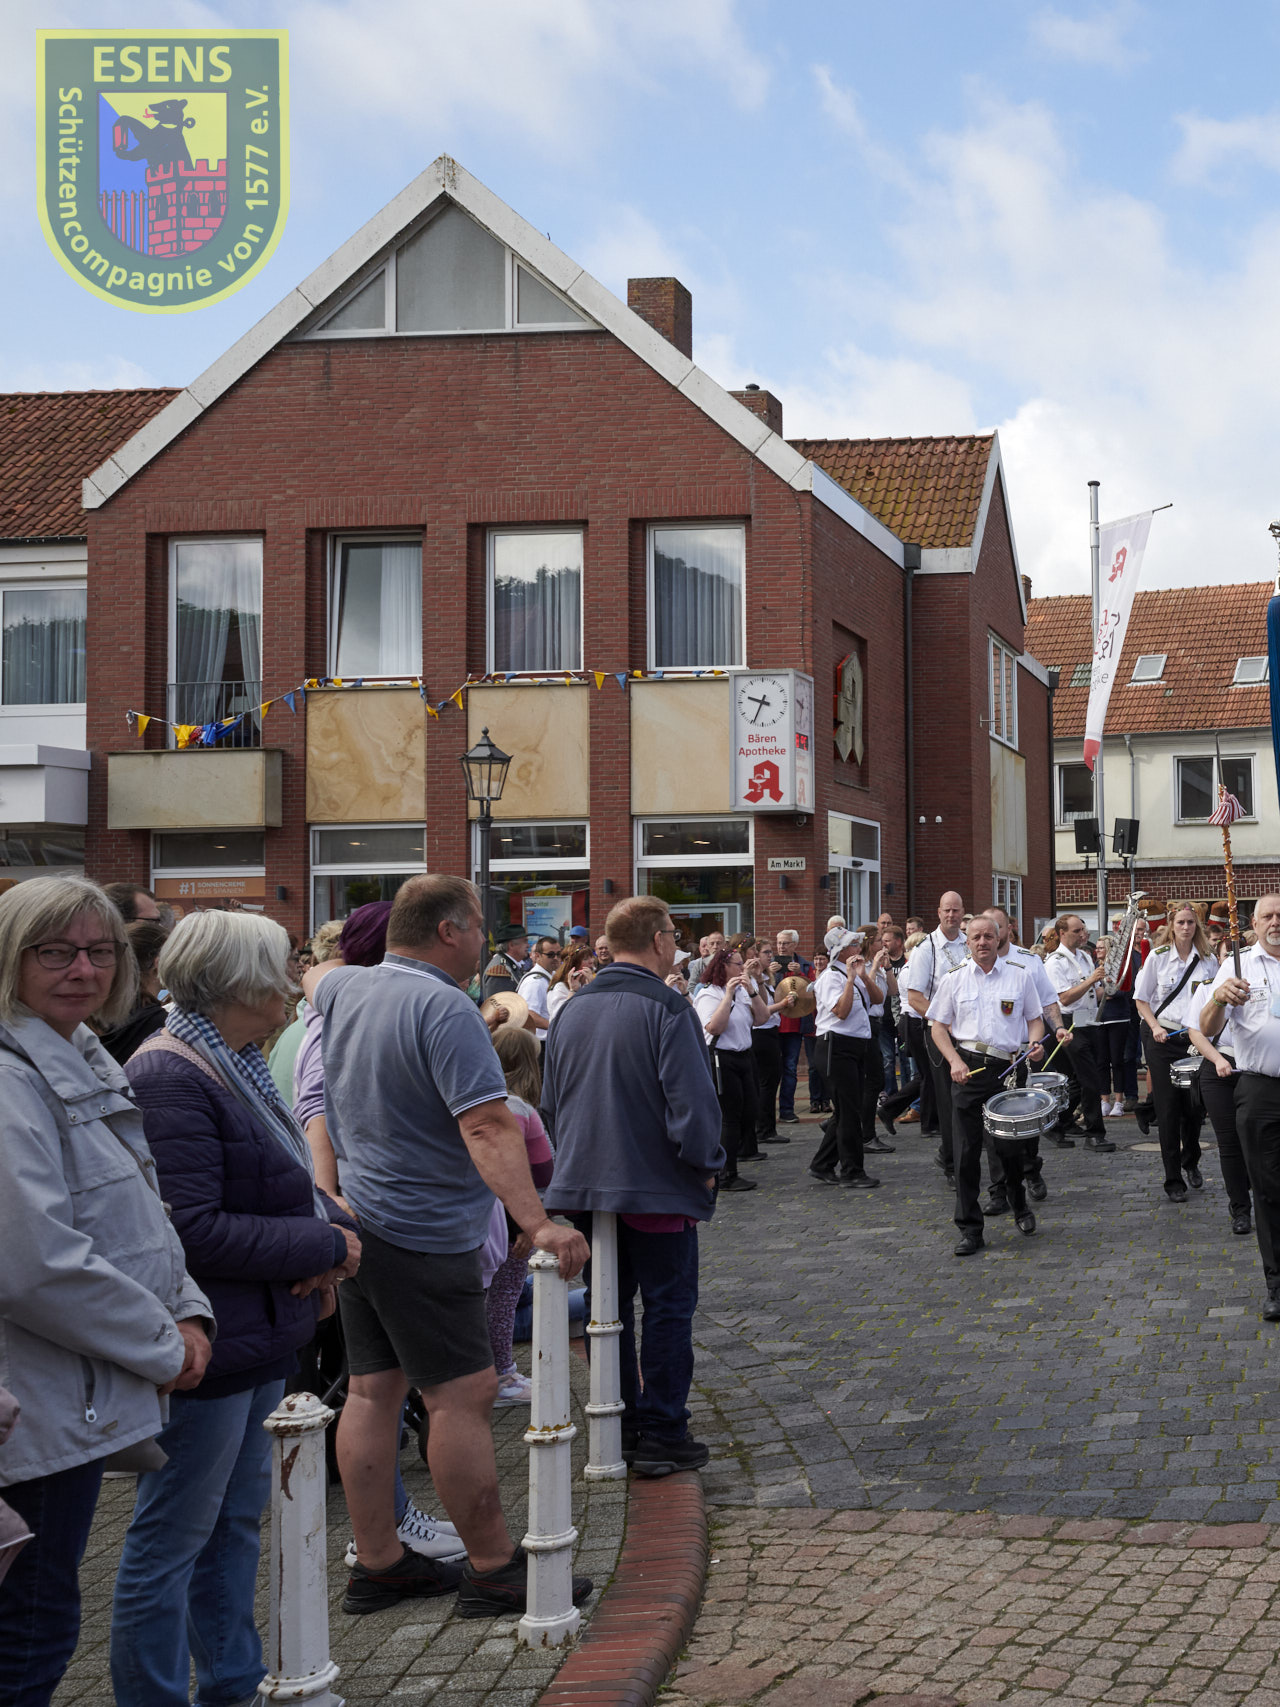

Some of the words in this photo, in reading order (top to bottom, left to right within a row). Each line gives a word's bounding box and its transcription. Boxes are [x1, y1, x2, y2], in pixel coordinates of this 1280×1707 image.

[747, 733, 777, 743] Bären
[738, 745, 787, 758] Apotheke
[770, 860, 782, 868] Am
[783, 860, 804, 868] Markt
[179, 882, 196, 895] #1
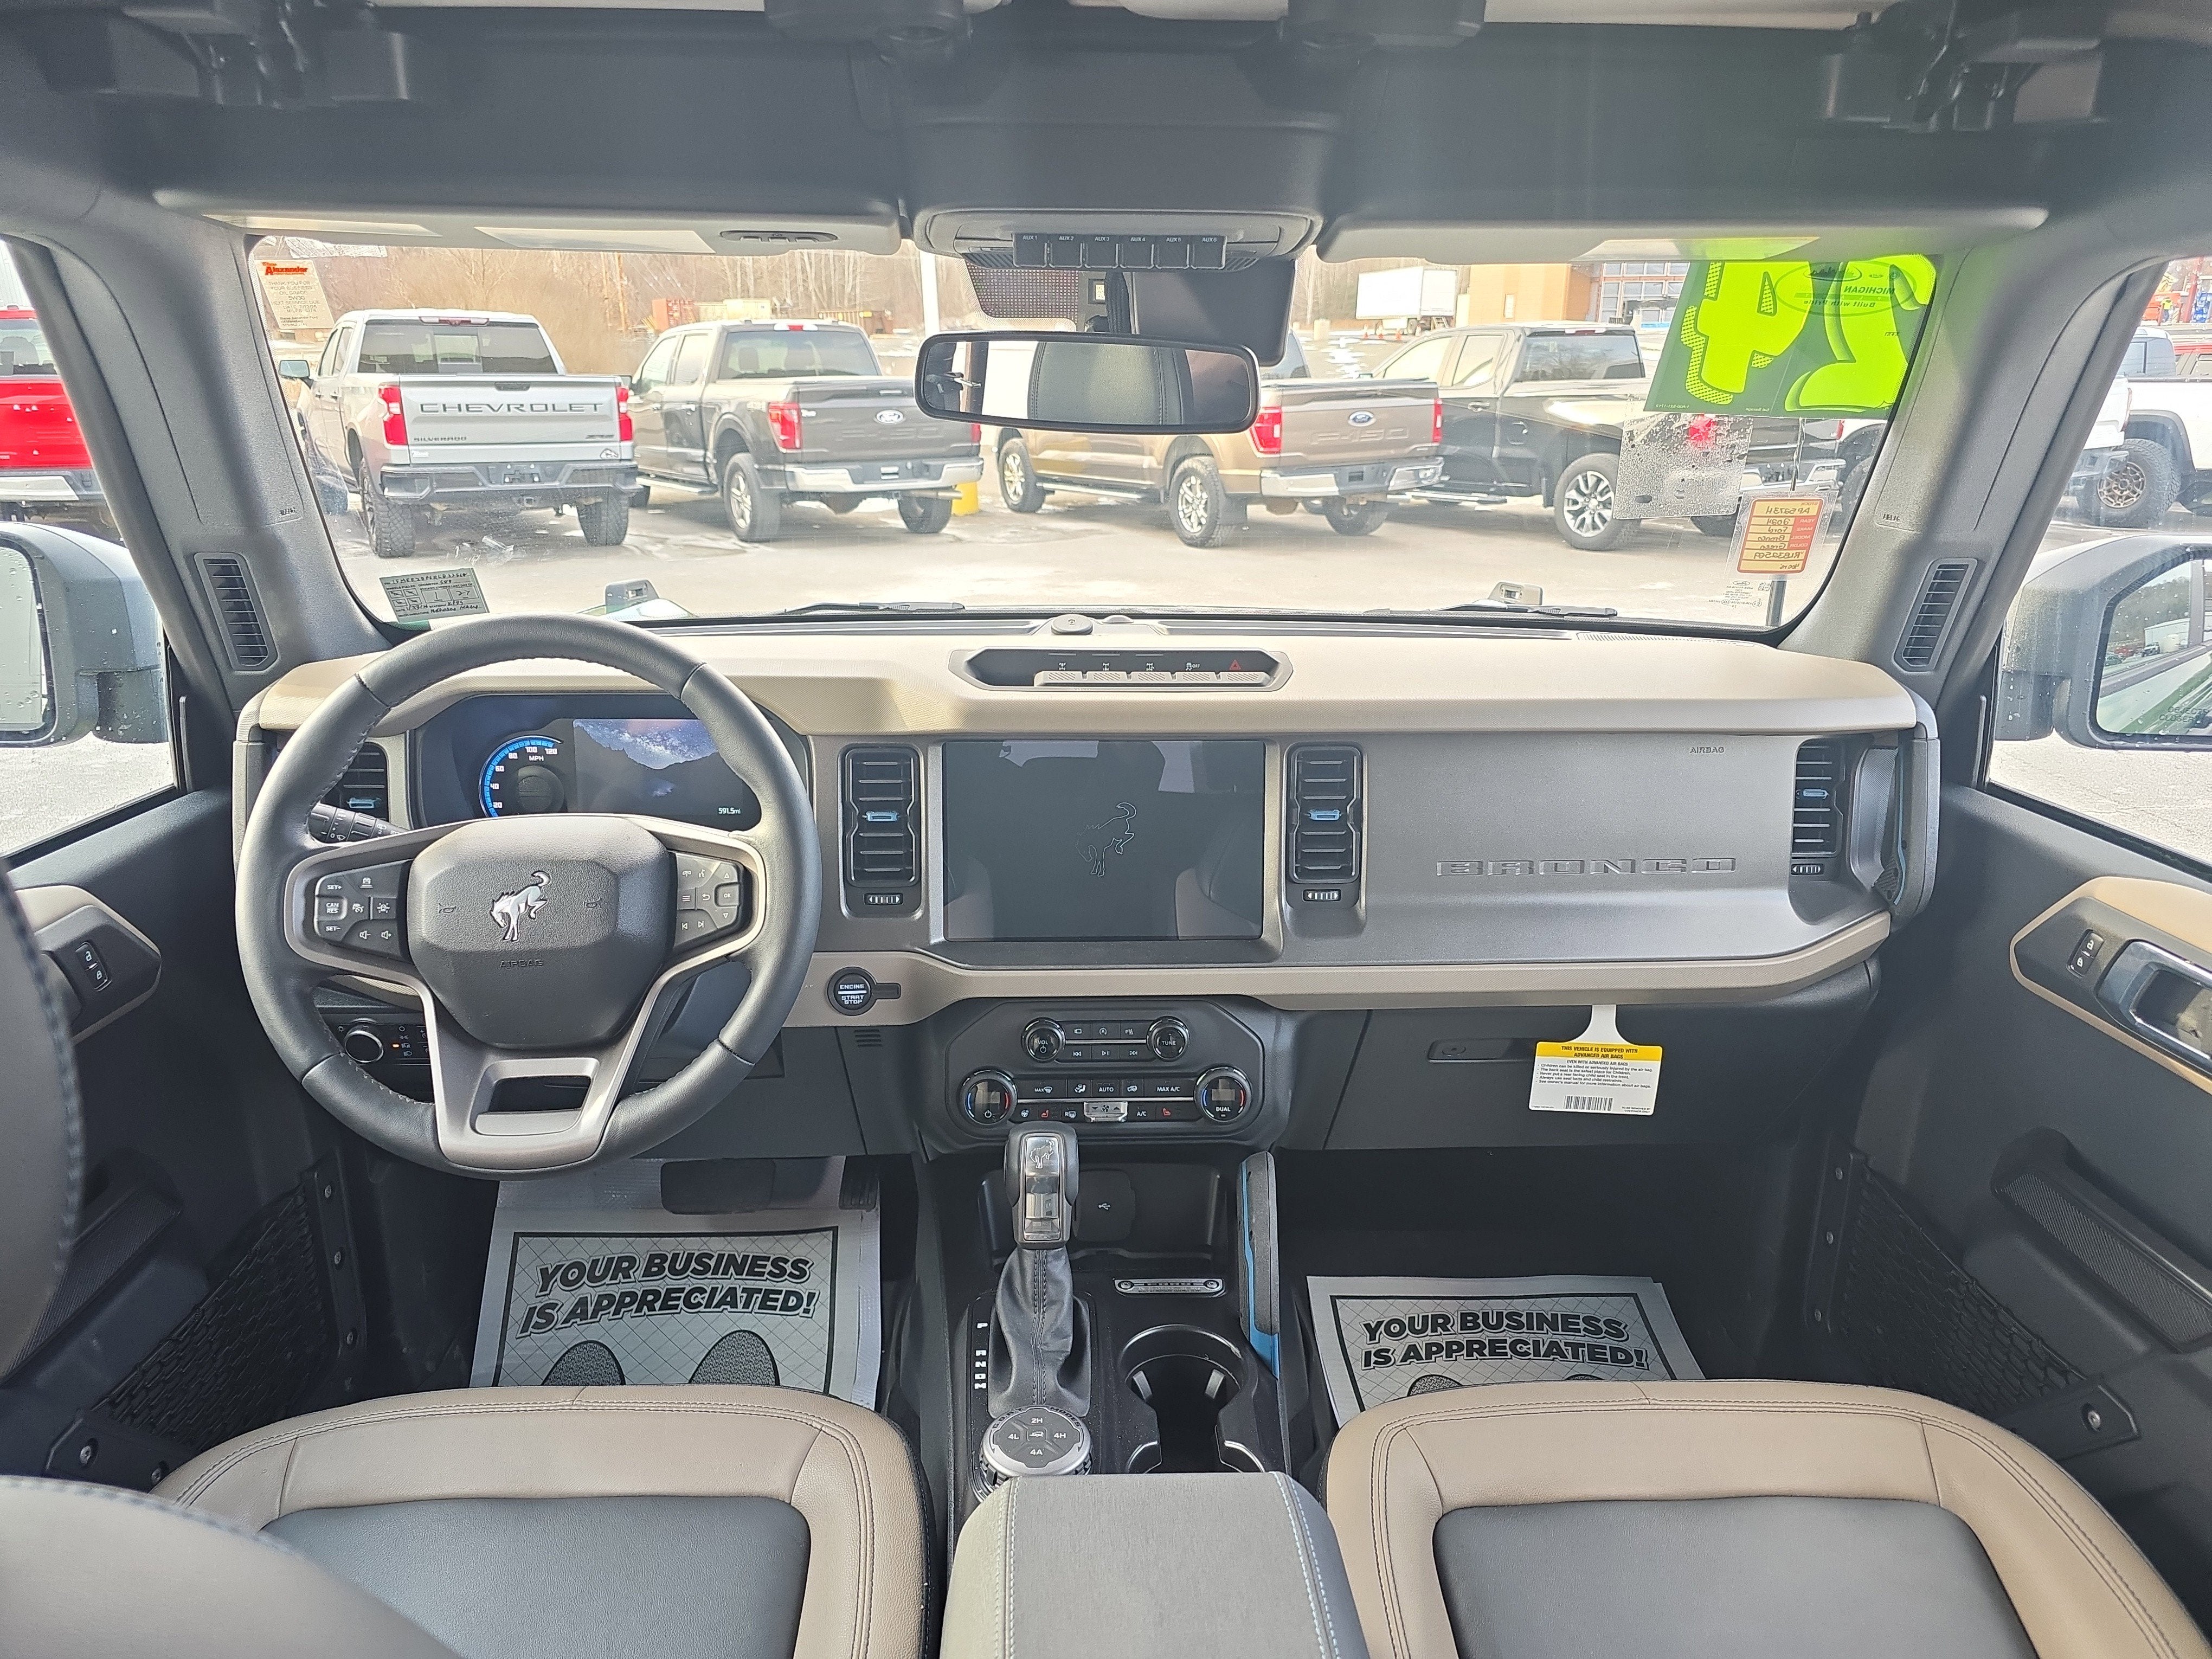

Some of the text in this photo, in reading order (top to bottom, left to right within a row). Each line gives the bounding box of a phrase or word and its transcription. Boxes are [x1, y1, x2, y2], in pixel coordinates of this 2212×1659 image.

[265, 266, 308, 275] Alexander
[420, 403, 604, 414] CHEVROLET
[1311, 427, 1410, 445] F-150
[1689, 746, 1725, 754] AIRBAG
[1436, 858, 1736, 877] BRONCO
[499, 959, 543, 968] AIRBAG
[536, 1251, 813, 1296] YOUR BUSINESS
[517, 1285, 820, 1338] IS APPRECIATED!
[1360, 1310, 1628, 1343] YOUR BUSINESS
[1362, 1336, 1648, 1369] IS APPRECIATED!
[1050, 1407, 1082, 1427] MODES

——

• What you need to do
Your answer must be an exact transcription of the records above, minus the pictures.

• Task answer
Some of the words in this photo, in reading order (top to bottom, left to right within a row). Each line gives a word's bounding box and its transcription. Boxes are [x1, y1, x2, y2], in pixel coordinates of this 1280×1707 image.

[747, 733, 777, 743] Bären
[738, 745, 787, 758] Apotheke
[770, 860, 782, 868] Am
[783, 860, 804, 868] Markt
[179, 882, 196, 895] #1

Some of the text in this photo, in reading order (top to bottom, left to right within a row). Each line gives the bounding box of a phrase or word and its transcription. Boxes are [x1, y1, x2, y2], in pixel coordinates of this 2212×1659 image.

[265, 266, 308, 275] Alexander
[420, 403, 604, 414] CHEVROLET
[1311, 427, 1410, 445] F-150
[1689, 746, 1725, 754] AIRBAG
[1436, 858, 1736, 877] BRONCO
[499, 959, 543, 968] AIRBAG
[536, 1251, 813, 1296] YOUR BUSINESS
[517, 1285, 820, 1338] IS APPRECIATED!
[1360, 1310, 1628, 1343] YOUR BUSINESS
[1362, 1336, 1648, 1369] IS APPRECIATED!
[1050, 1407, 1082, 1427] MODES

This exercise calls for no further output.